Le 20 mai, étudiants, chercheurs, experts cybersécurité, équipes RH et représentants de grands groupes étaient réunis à CentraleSupélec pour la première édition d’Escale CST x CAPFM, un événement organisé par Cyber Saclay-Team et Crédit Agricole Personal Finance & Mobility autour des enjeux cyber, IA et compétences. Au cœur des échanges : l’évolution rapide des métiers liés aux LLM, à la cybersécurité et à l’IA, mais aussi la nécessité pour les entreprises de renforcer leurs liens avec la recherche et les écoles.
L’initiative naît d’un constat partagé : les sujets cyber, data et IA évoluent désormais trop vite pour continuer à être traités séparément. Les projets autour des LLM, de l’IA générative ou encore de l’IA agentique obligent progressivement les entreprises à rapprocher des expertises qui échangeaient encore relativement peu il y a quelques années. Pour Sandy Dussottier, Lead Innovation et IA au sein de Crédit Agricole Personal Finance & Mobility, cette évolution impose désormais de décloisonner davantage les approches entre cybersécurité et IA. « Nous ne sommes plus uniquement dans des logiques séparées entre cyber et data IA, mais dans une convergence des deux univers », explique-t-il.
Un ancrage dans l’écosystème Paris-Saclay
« Escale CST x CAPFM » devait justement créer ce point de rencontre entre plusieurs populations : étudiants, chercheurs, spécialistes cybersécurité, équipes RH et professionnels de terrain. L’événement s’inscrivait également dans une logique plus large de rapprochement entre entreprises et écosystèmes académiques. Pour Crédit Agricole Personal Finance & Mobility, l’écosystème Paris-Saclay représente un accès direct à des compétences et des expertises de plus en plus stratégiques autour de l’IA et de la cybersécurité.
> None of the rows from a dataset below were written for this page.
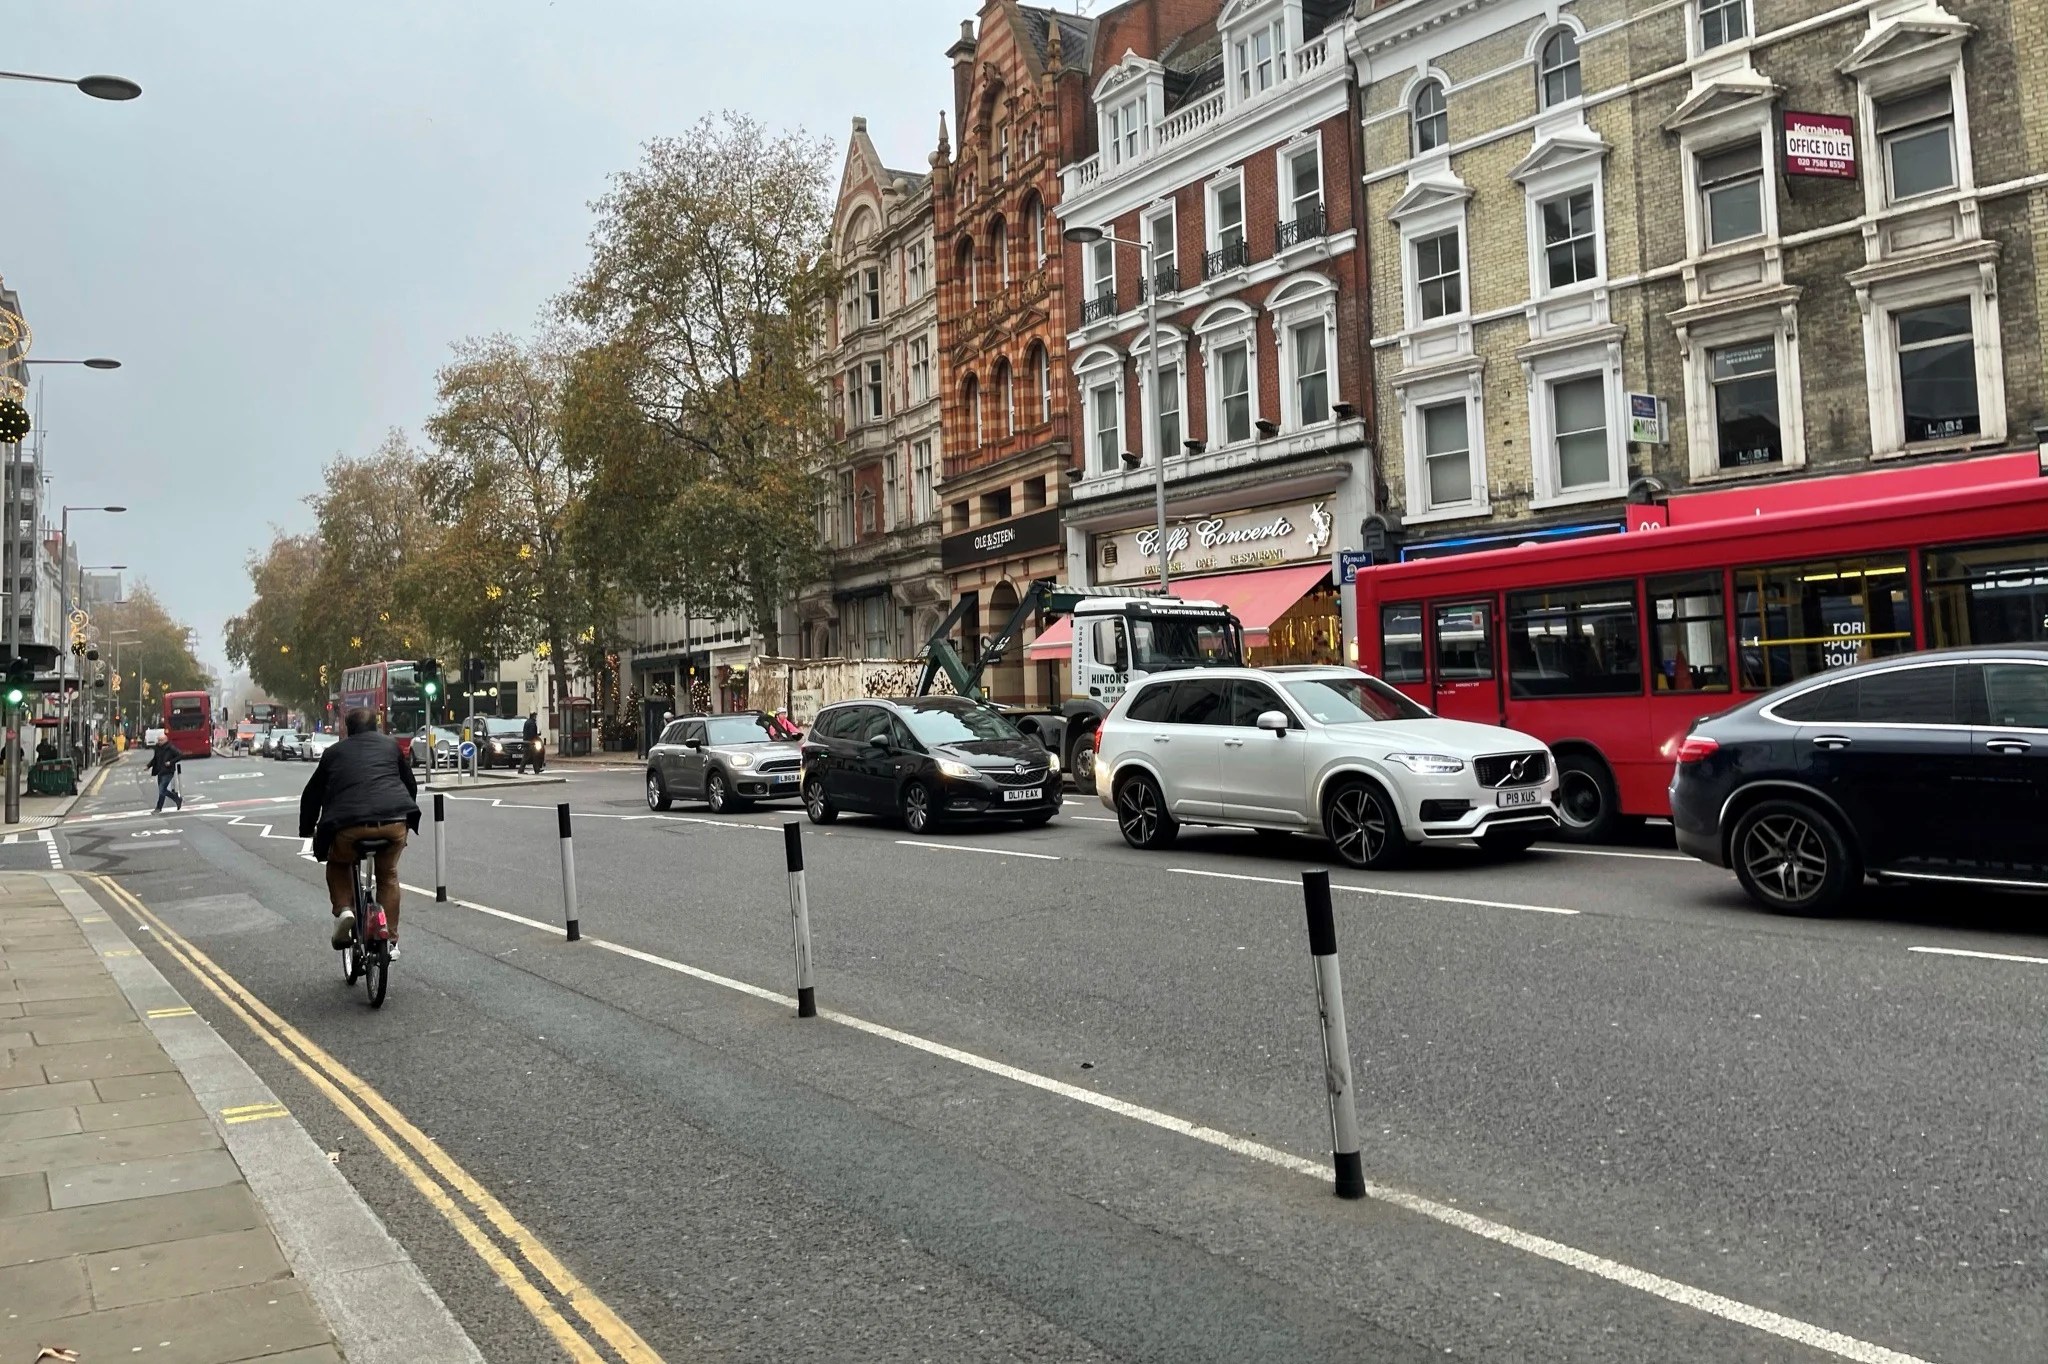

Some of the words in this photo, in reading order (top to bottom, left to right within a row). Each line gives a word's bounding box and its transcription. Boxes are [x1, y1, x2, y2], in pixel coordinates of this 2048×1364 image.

[1793, 122, 1845, 137] Kernahans
[1789, 138, 1821, 154] OFFICE
[1822, 140, 1834, 155] TO
[1836, 142, 1850, 157] LET
[1797, 157, 1811, 166] 020
[1726, 353, 1763, 365] NECESSARY
[1195, 516, 1294, 549] Concerto
[1091, 673, 1129, 685] HINTON'S
[1104, 686, 1116, 694] SKIP
[1008, 790, 1024, 800] DL17
[1025, 789, 1039, 798] EAX
[1506, 792, 1519, 804] P19
[1521, 791, 1536, 803] XUS
« Les sujets cyber et IA ne peuvent plus évoluer séparément. »
Chercheurs, spécialistes cybersécurité, représentants institutionnels et grands groupes participaient à cette première édition aux côtés de plusieurs écoles et structures de recherche impliquées sur les sujets cyber et IA. « Nous avons la chance d’avoir l’écosystème Paris-Saclay, CentraleSupélec et plusieurs acteurs académiques à proximité immédiate. Pour nous, cela représente un potentiel important », souligne Sandy Dussottier. Le rapprochement avec Cyber Saclay-Team s’inscrit dans cette logique. L’association étudiante, implantée dans l’écosystème cyber du plateau de Saclay, devient ici un intermédiaire direct entre entreprises, étudiants et recherche. Le groupe a également officialisé un partenariat mécénat avec l’association afin de prolonger cette dynamique au-delà du seul événement. Les organisateurs évoquent déjà d’autres formats à venir, ainsi que des collaborations plus régulières autour de sujets cyber et IA.
Confronter théorie et terrain
Plus qu’un simple forum étudiant ou un job-dating cyber, la journée cherchait à confronter attentes des entreprises et évolution des métiers liés à l’IA et à la cybersécurité. « Les métiers que nous sommes en train de voir apparaître se créent aussi ailleurs », observe Sandy Dussottier. Étudiants, chercheurs, experts cyber, spécialistes IA et représentants institutionnels ont ainsi échangé autour de métiers et de compétences encore en forte évolution. Parmi les intervenants figuraient notamment des représentants du COMCYBER-MI. « Dans la cybersécurité, nous nous entraînons beaucoup. Un peu comme les militaires : les crises arrivent rarement, mais il faut être prêt lorsqu’elles surviennent », explique Sandy Dussottier.
« Les métiers évoluent plus vite que les référentiels classiques. »
Plusieurs sessions prévoyaient également des échanges autour de la cybercrise et de sa dimension cognitive, des sujets déjà travaillés dans certains cursus académiques et qui prennent une place croissante dans les grandes organisations. Sandy Dussottier insiste d’ailleurs sur la volonté de dépasser les approches trop généralistes autour de ces sujets : « L’objectif n’est pas simplement de présenter les métiers ou de faire de l’évangélisation, mais d’aller vers des partages d’expérience et des sujets plus avancés. » Les organisateurs évoquent déjà la possibilité de développer d’autres rendez-vous plus spécialisés autour de sujets comme le post-quantique ou encore la sécurisation des IA agentiques.